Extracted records
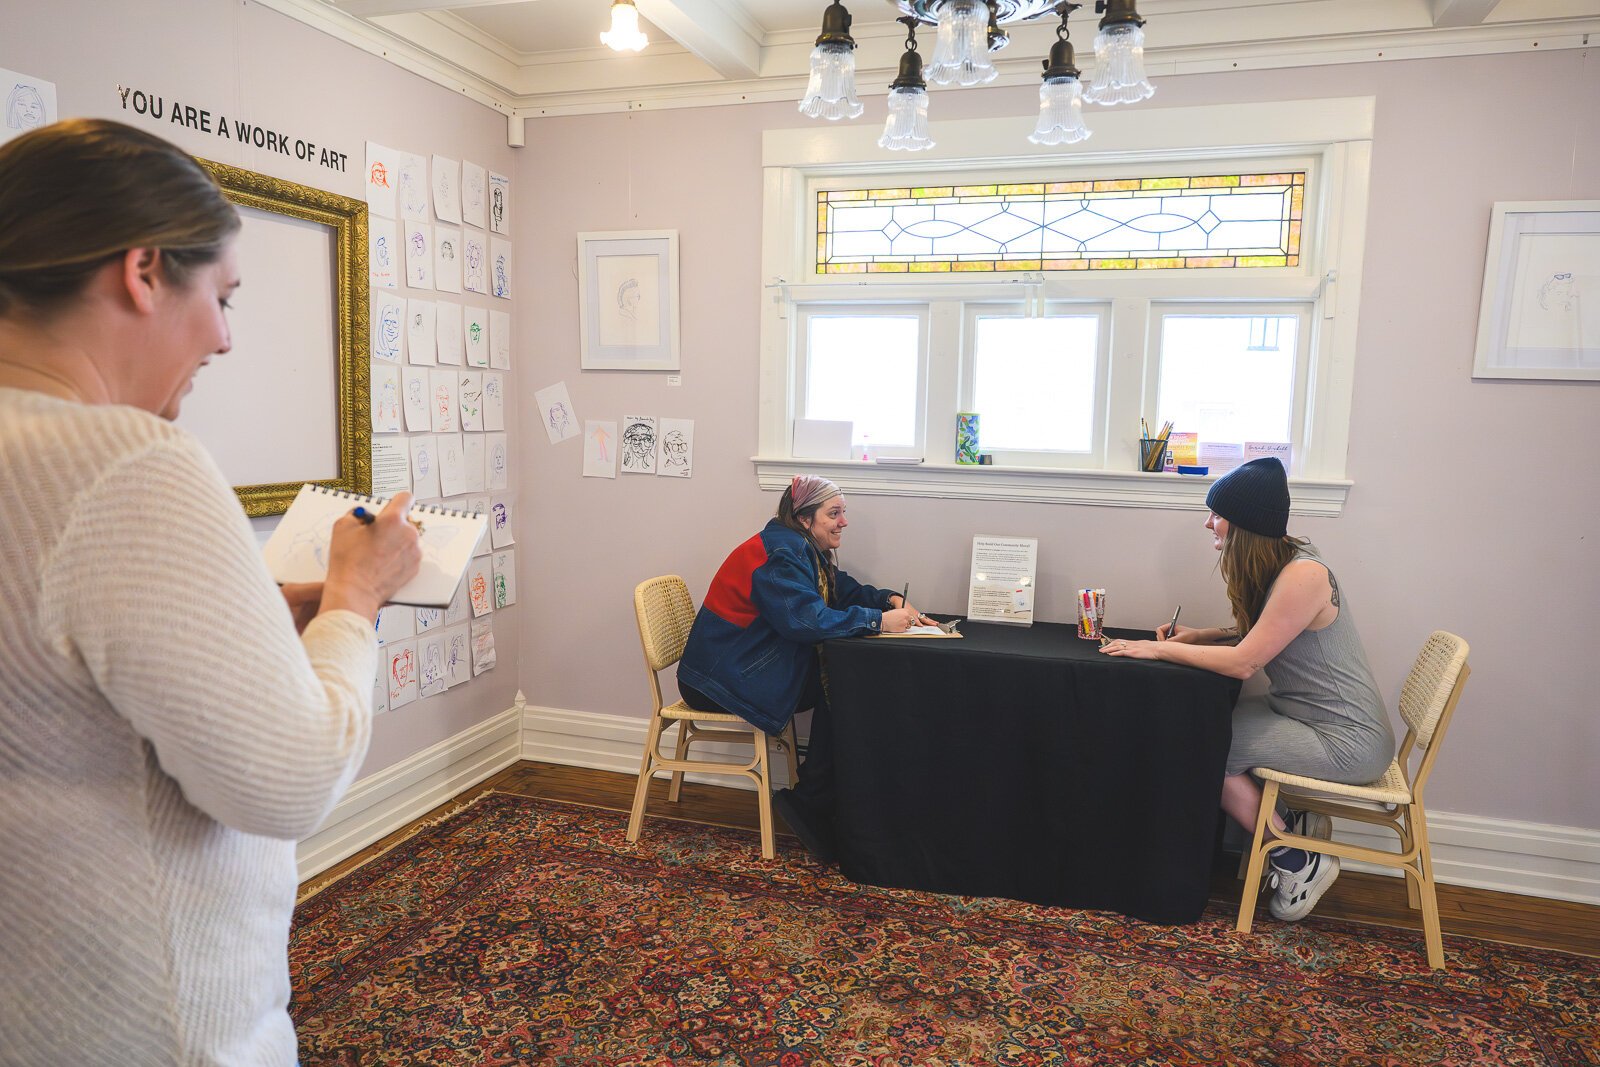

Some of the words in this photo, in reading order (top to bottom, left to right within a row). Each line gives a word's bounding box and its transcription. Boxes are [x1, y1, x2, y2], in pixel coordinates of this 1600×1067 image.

[116, 83, 163, 119] YOU
[170, 102, 212, 134] ARE
[217, 116, 230, 139] A
[235, 120, 291, 156] WORK
[295, 139, 316, 162] OF
[320, 147, 348, 173] ART
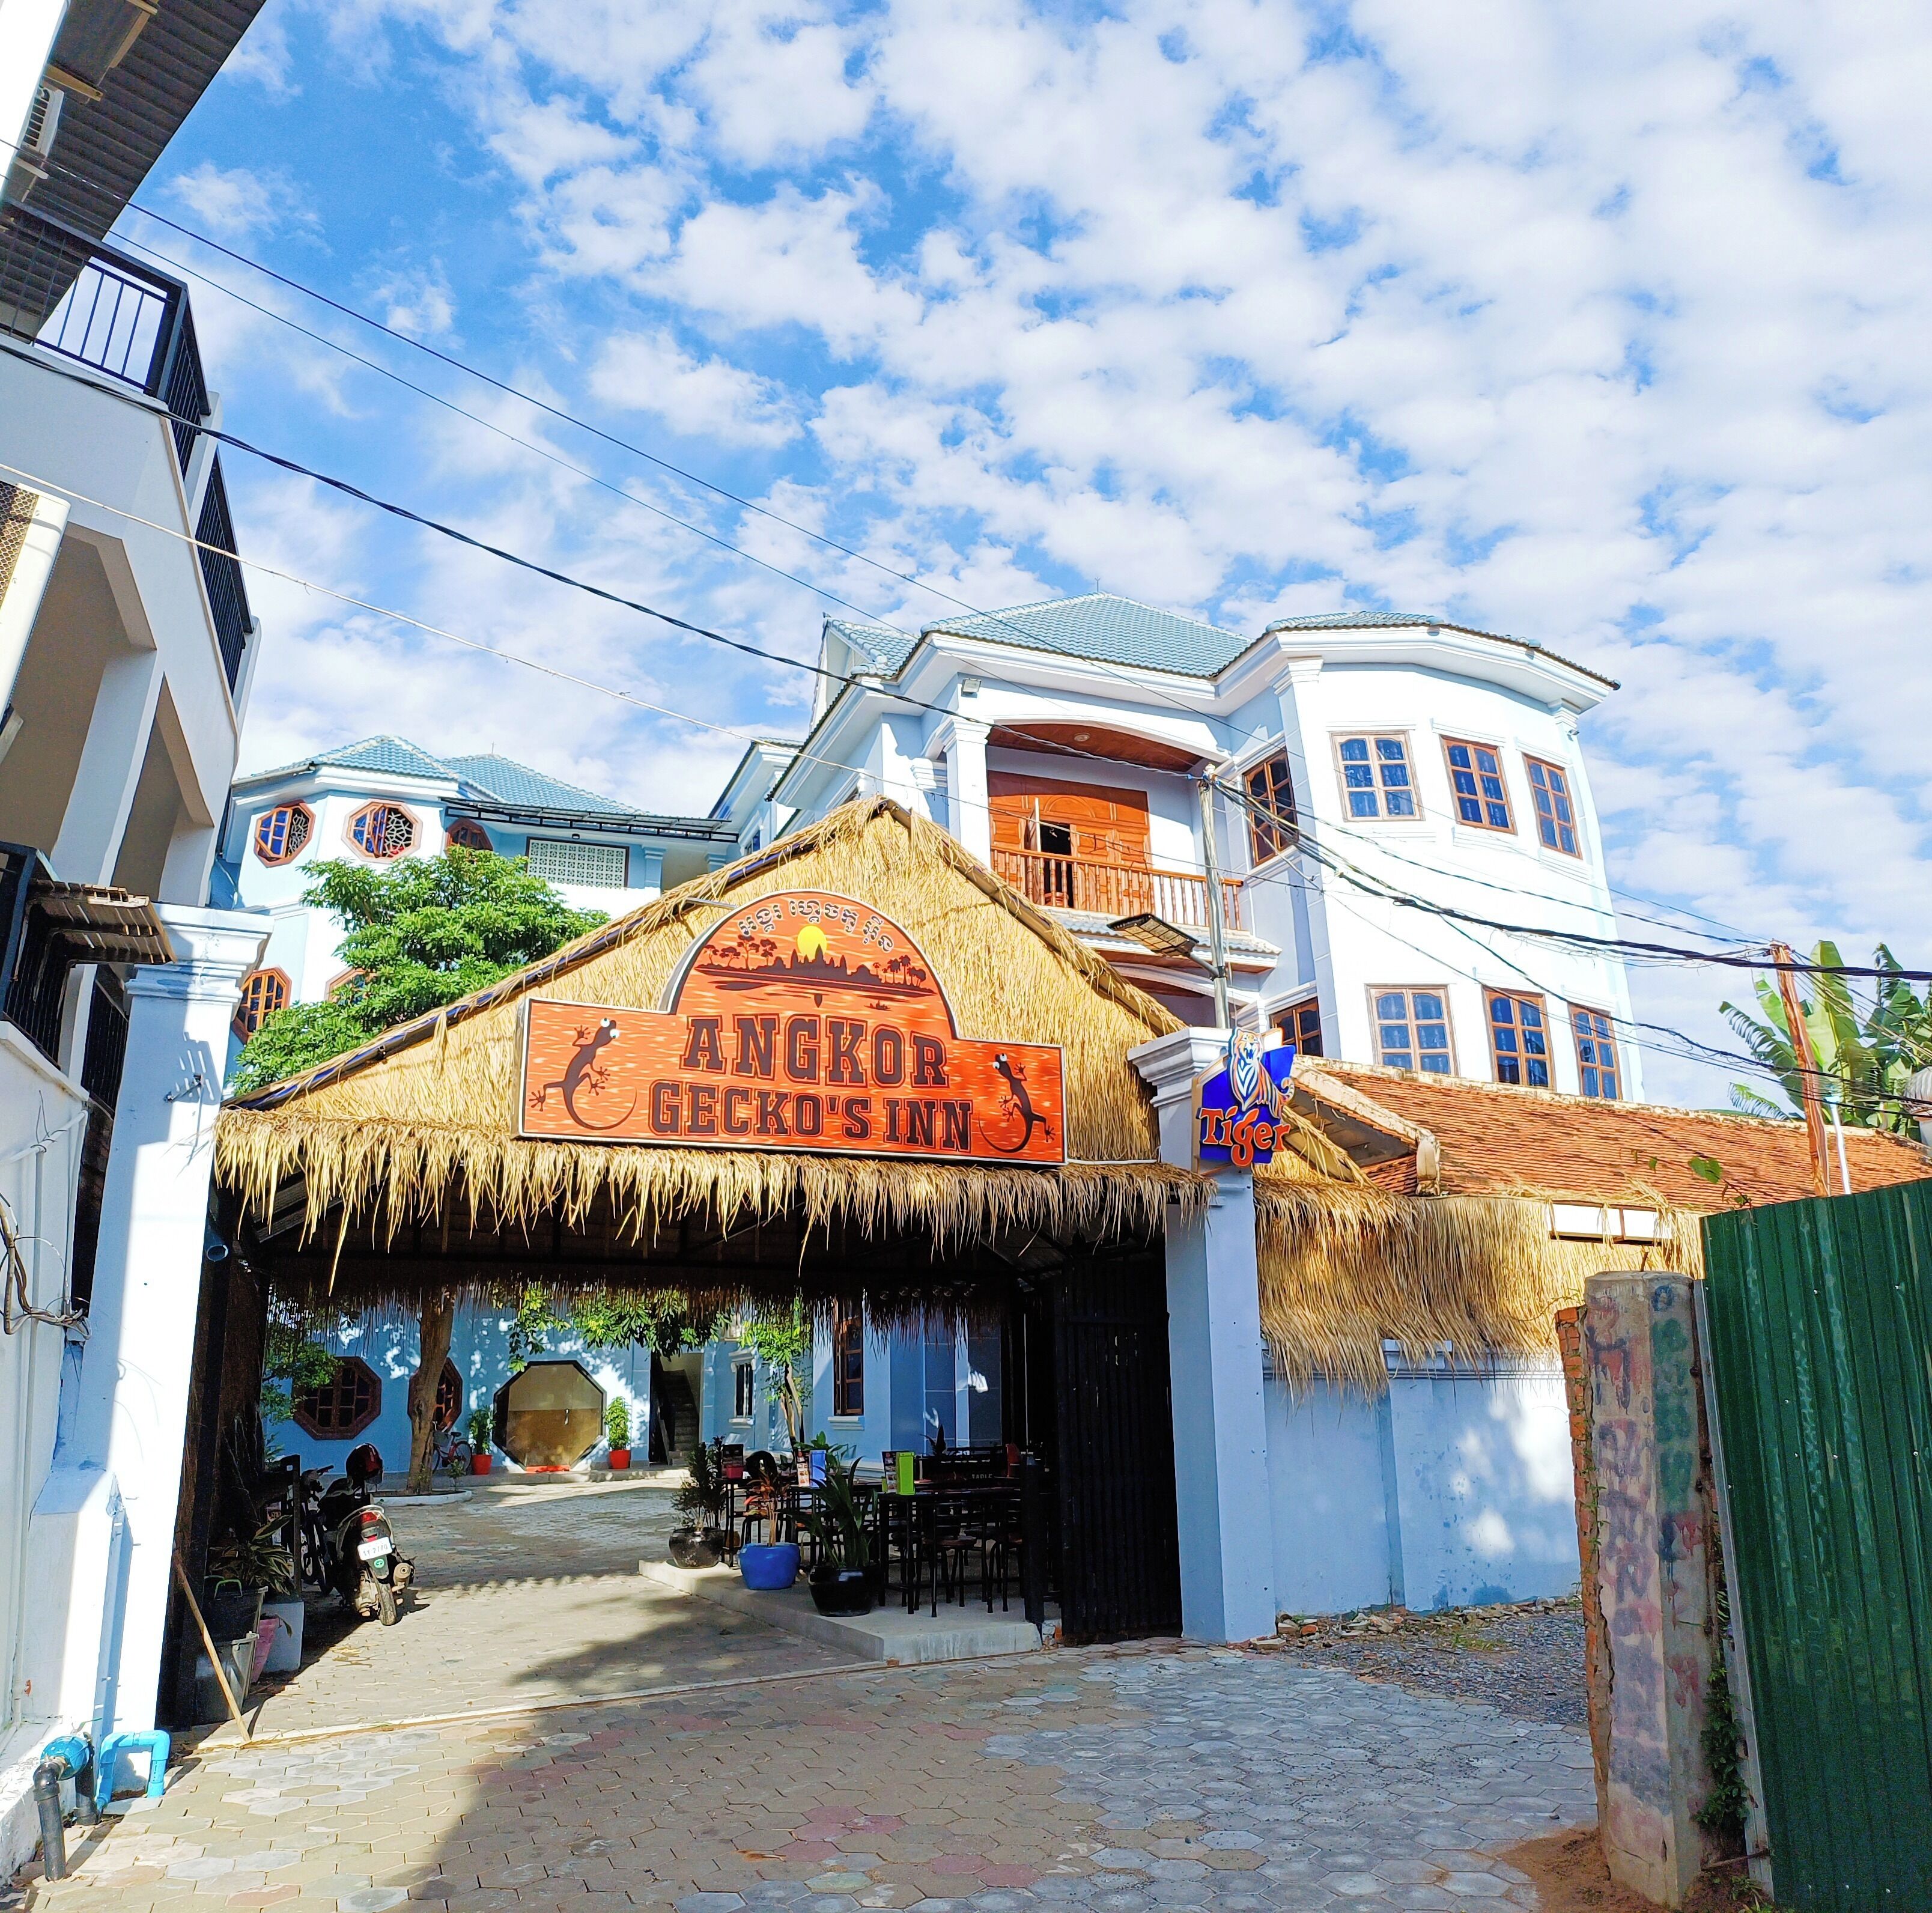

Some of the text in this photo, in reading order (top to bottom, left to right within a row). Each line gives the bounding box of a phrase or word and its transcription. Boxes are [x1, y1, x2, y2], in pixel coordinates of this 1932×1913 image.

[679, 1013, 949, 1089] ANGKOR
[648, 1080, 974, 1153] GECKO'S INN
[1200, 1106, 1291, 1167] Tiger
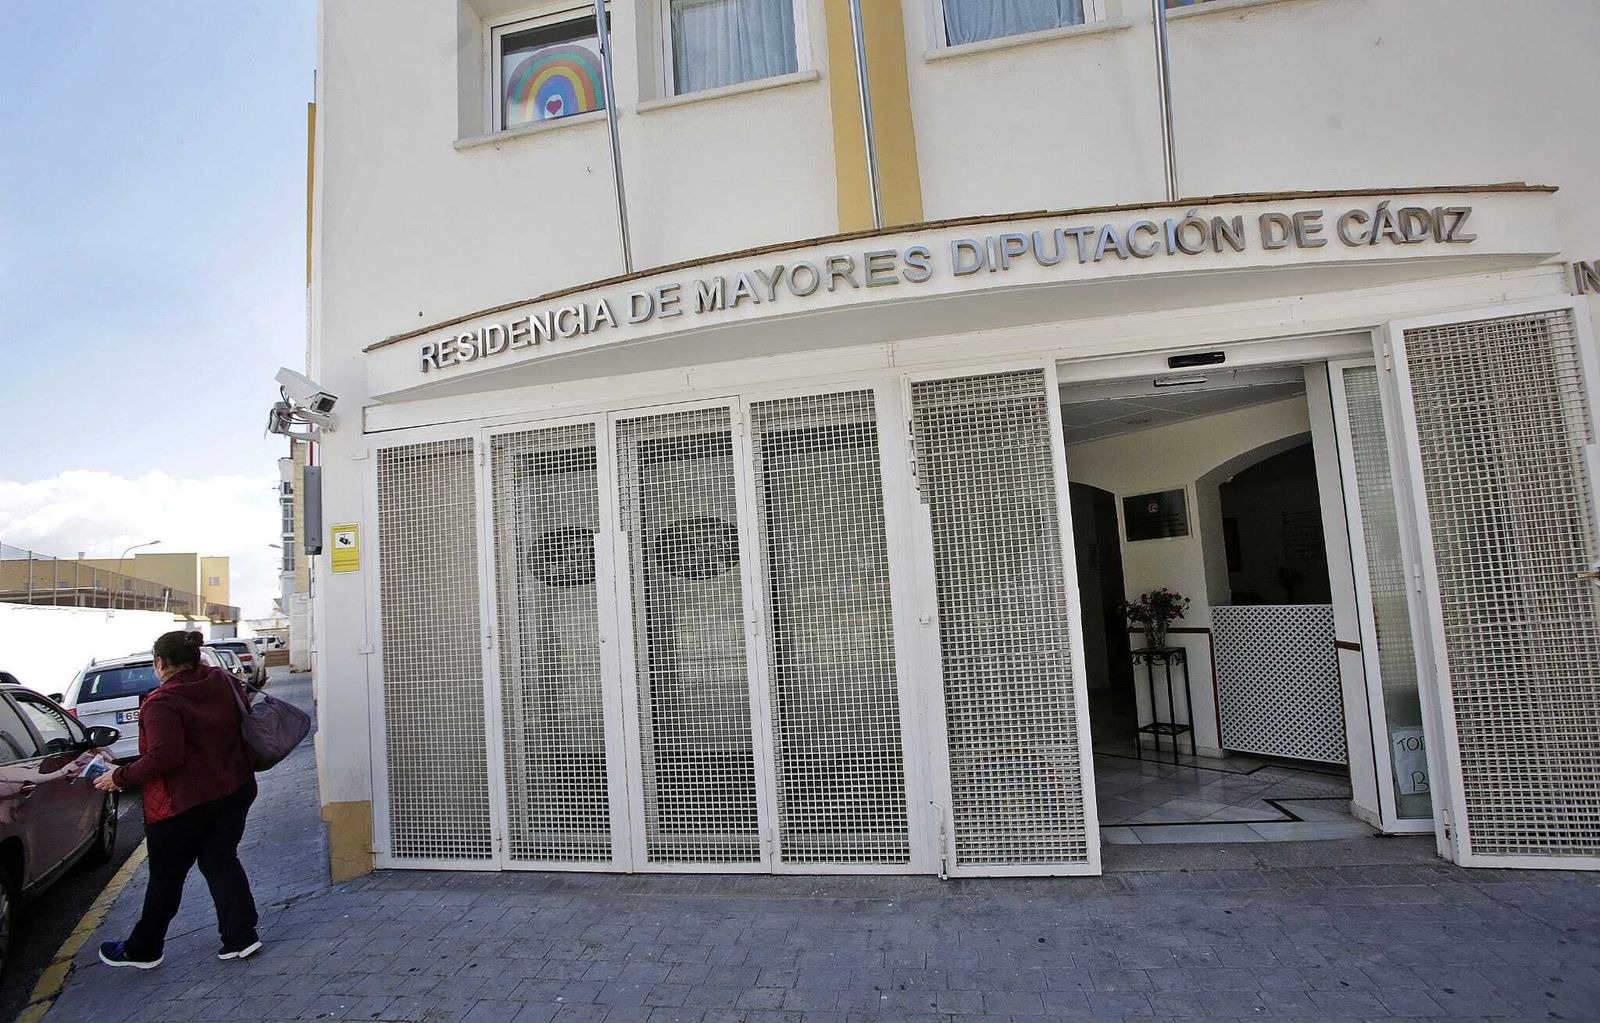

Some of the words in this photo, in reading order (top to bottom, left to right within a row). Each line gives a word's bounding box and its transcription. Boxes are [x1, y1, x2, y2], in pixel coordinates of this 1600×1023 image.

[421, 298, 618, 373] RESIDENCIA
[628, 283, 681, 324] DE
[694, 245, 933, 314] MAYORES
[951, 208, 1246, 275] DIPUTACIÓN
[1259, 210, 1327, 250] DE
[1337, 201, 1477, 247] CÁDIZ

THE TASK
Write out again every line above exactly as given; the pictures do not belong in the copy.

RESPONSE TO THE EXERCISE
Some of the words in this photo, in reading order (top to bottom, left to right within a row). Each line gives a word's bounding box and its transcription. Boxes are [x1, y1, x2, y2], in pixel coordinates of this 1600×1067 image.

[116, 83, 163, 119] YOU
[170, 102, 212, 134] ARE
[217, 116, 230, 139] A
[235, 120, 291, 156] WORK
[295, 139, 316, 162] OF
[320, 147, 348, 173] ART

Some of the text in this photo, in reading order (top to bottom, left to right within a row). Each line gives the bounding box of a phrase or word and its transcription. Boxes are [x1, y1, x2, y2], in pixel coordinates of this 1932×1913 image.

[679, 1013, 949, 1089] ANGKOR
[648, 1080, 974, 1153] GECKO'S INN
[1200, 1106, 1291, 1167] Tiger

Some of the words in this photo, in reading order (top to bottom, left to right within a row). Each line gives a word's bounding box and its transcription. Boxes are [x1, y1, x2, y2], in pixel coordinates of this 1600×1023 image.

[421, 298, 618, 373] RESIDENCIA
[628, 283, 681, 324] DE
[694, 245, 933, 314] MAYORES
[951, 208, 1246, 275] DIPUTACIÓN
[1259, 210, 1327, 250] DE
[1337, 201, 1477, 247] CÁDIZ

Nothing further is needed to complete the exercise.